**Aim of the exercise**
Transcribe every record as it stands and set the images aside.

#### Information

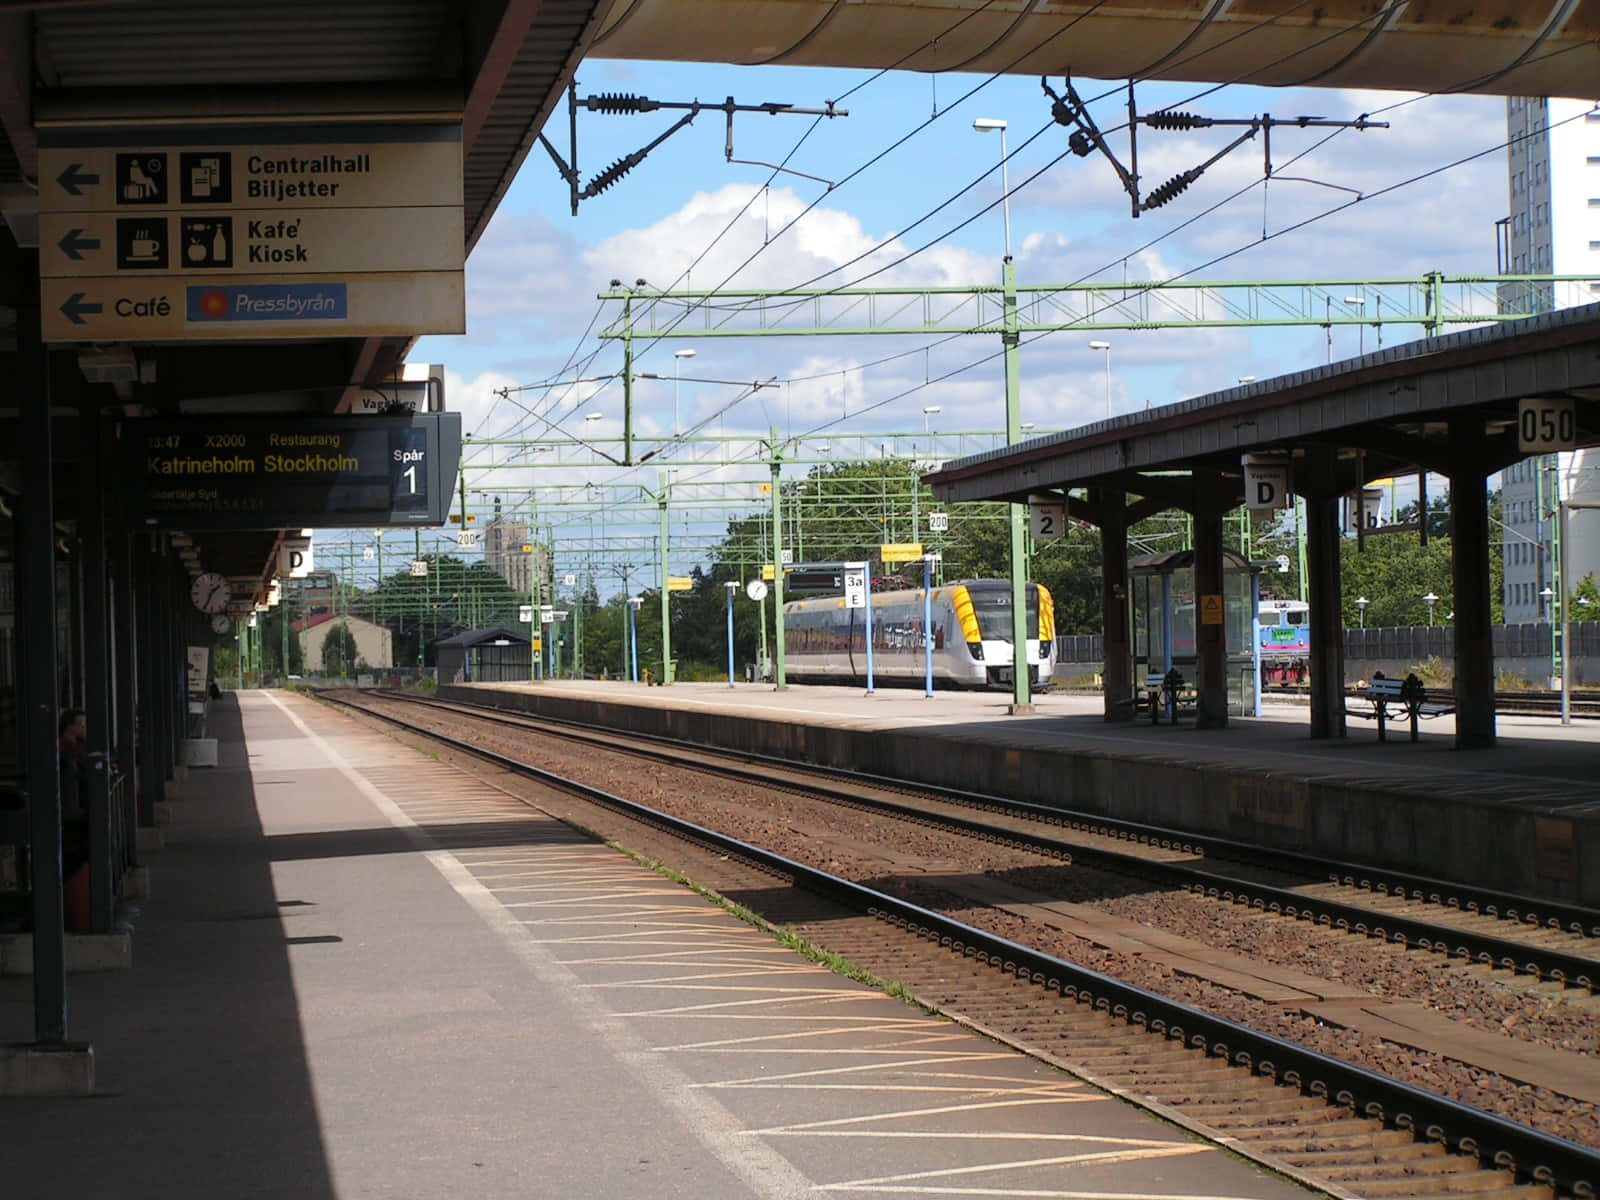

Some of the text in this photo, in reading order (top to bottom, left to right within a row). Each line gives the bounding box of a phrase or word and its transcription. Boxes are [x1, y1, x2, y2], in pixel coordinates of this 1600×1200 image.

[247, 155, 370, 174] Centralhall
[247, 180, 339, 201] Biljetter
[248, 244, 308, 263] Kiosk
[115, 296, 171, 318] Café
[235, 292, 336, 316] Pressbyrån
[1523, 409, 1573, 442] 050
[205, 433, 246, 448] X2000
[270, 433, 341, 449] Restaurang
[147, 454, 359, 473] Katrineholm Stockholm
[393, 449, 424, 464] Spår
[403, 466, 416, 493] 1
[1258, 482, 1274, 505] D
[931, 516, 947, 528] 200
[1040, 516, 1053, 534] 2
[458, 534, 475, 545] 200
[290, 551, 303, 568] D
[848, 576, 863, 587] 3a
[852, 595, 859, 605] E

########

**Solved exercise**
Some of the text in this photo, in reading order (top to bottom, left to right within a row). Each line gives the bounding box of a phrase or word and its transcription. Boxes are [x1, y1, x2, y2], in pixel coordinates of this 1600×1200 image.

[247, 155, 370, 174] Centralhall
[247, 180, 339, 201] Biljetter
[248, 244, 308, 263] Kiosk
[115, 296, 171, 318] Café
[235, 292, 336, 316] Pressbyrån
[1523, 409, 1573, 442] 050
[205, 433, 246, 448] X2000
[270, 433, 341, 449] Restaurang
[147, 454, 359, 473] Katrineholm Stockholm
[393, 449, 424, 464] Spår
[403, 466, 416, 493] 1
[1258, 482, 1274, 505] D
[931, 516, 947, 528] 200
[1040, 516, 1053, 534] 2
[458, 534, 475, 545] 200
[290, 551, 303, 568] D
[848, 576, 863, 587] 3a
[852, 595, 859, 605] E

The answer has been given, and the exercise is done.